Total transaction costs (buyer) Typically 10%–15% on top of purchase price (as of 2025)
Annual IBI property tax 0.4%–1.1% of cadastral value, paid to local municipality (as of 2025)
Capital gains tax — residents Progressive: 19%–26% on gain (as of 2025)
Capital gains tax — non-residents Flat 19% on gain; 3% withheld by buyer at sale (as of 2025)

What taxes and fees apply when buying a property in Spain?

The taxes levied at the point of purchase depend chiefly on whether you are acquiring a resale (second-hand) property or a brand-new home. Spain’s primary purchase tax for buyers of existing properties is the Transfer Tax — Impuesto sobre Transmisiones Patrimoniales (ITP). Newly built homes are not subject to ITP; instead, VAT (IVA) and stamp duty (AJD) apply.

Resale properties — ITP: The buyer bears the ITP liability, and each of Spain’s autonomous communities sets its own rate, generally falling between 6% and 10%, with many regions now using progressive scales for higher-value transactions. Madrid, for instance, applies a reduced rate of 6%, making it comparatively affordable for buyers, while Catalonia and Valencia charge 10%. Andalucía levies a flat 7% rate across all second-hand purchases.

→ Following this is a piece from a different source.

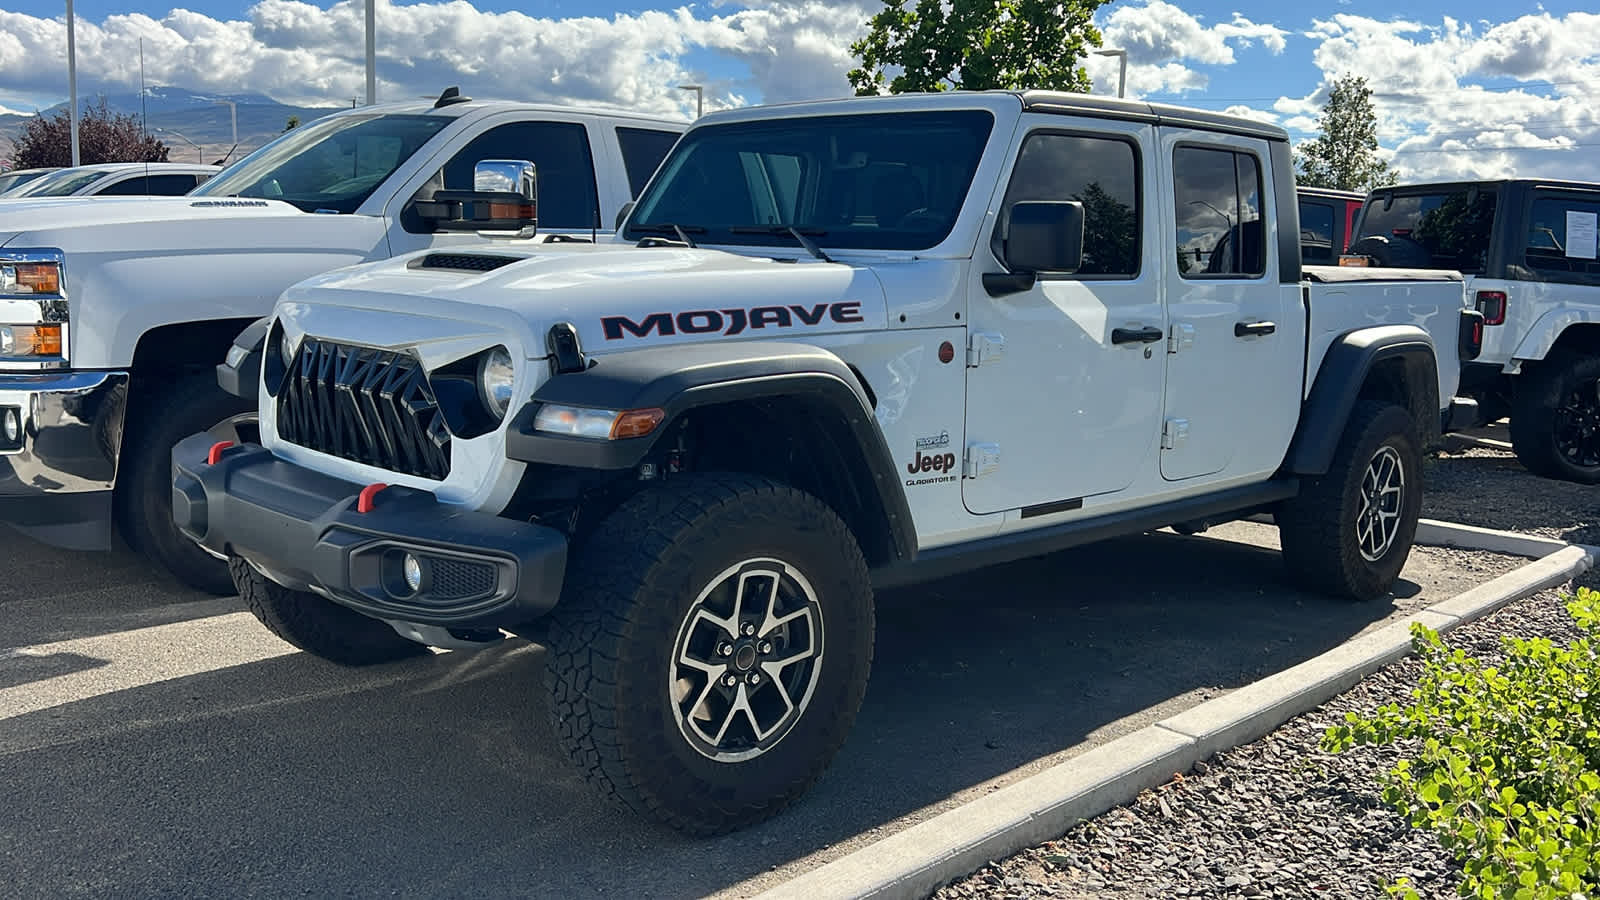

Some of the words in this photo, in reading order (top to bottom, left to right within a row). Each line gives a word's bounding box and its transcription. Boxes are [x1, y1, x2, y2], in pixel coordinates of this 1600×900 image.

[600, 301, 864, 340] MOJAVE
[907, 452, 955, 474] Jeep
[906, 476, 949, 486] GLADIATOR
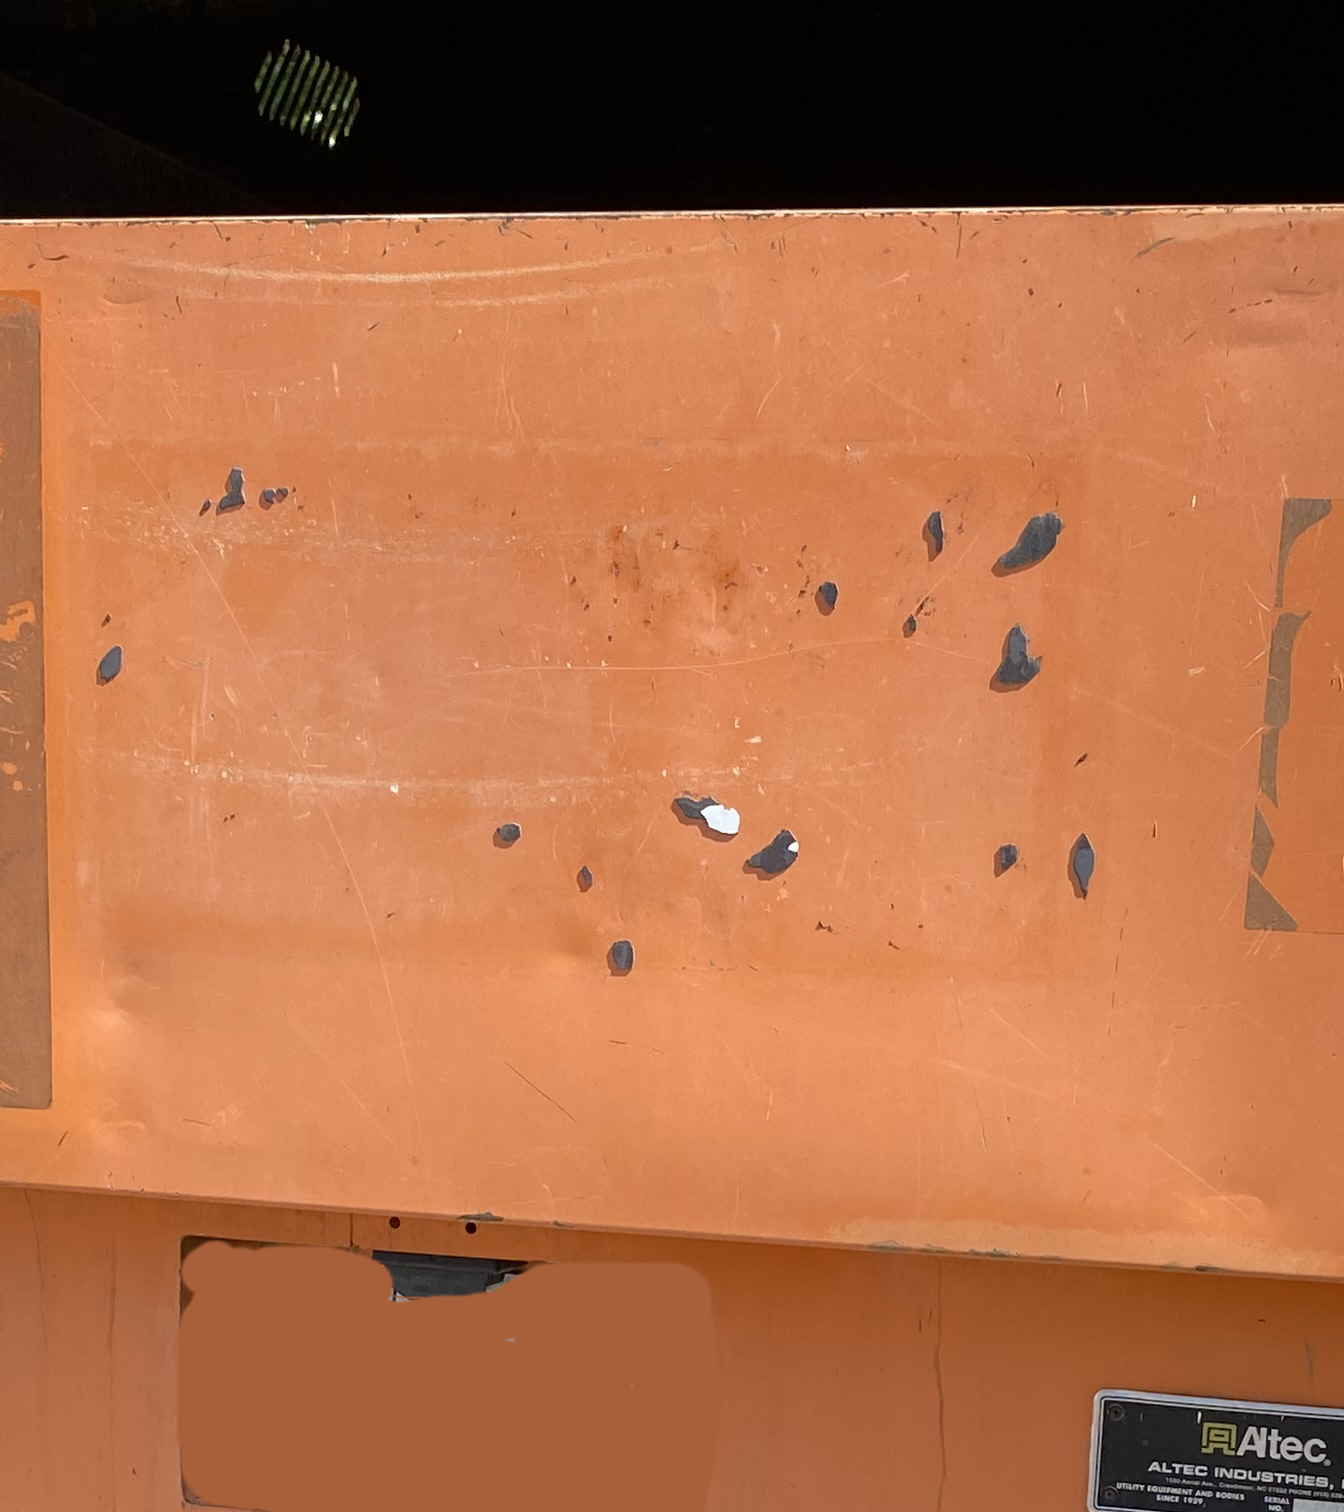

New-build properties — VAT (IVA) and stamp duty (AJD): When purchasing a newly constructed property directly from a developer, VAT (IVA) replaces ITP. This is a nationwide tax set at 10% of the purchase price. Additionally, stamp duty (AJD) is charged at between 0.5% and 1.5%, varying by region. In the Canary Islands, the applicable indirect tax is IGIC at 7% rather than VAT, plus AJD at 0.75%.

The tax base — Valor de Referencia: ITP is calculated on whichever is higher: the declared sale price or the Valor de Referencia (Reference Value) established by the regional tax authority — a government-determined figure drawn from market data intended to approximate fair market value for tax purposes. Consequently, even where a buyer negotiates a price below open market levels, the authorities may still calculate the ITP due using their own reference figure.

Notary fees: Notary fees in Spain are regulated by the state but carry a degree of flexibility depending on the property price and the complexity of the deed. The typical notary fee averages around €1,750, with the precise amount reflecting the transaction’s value and intricacy.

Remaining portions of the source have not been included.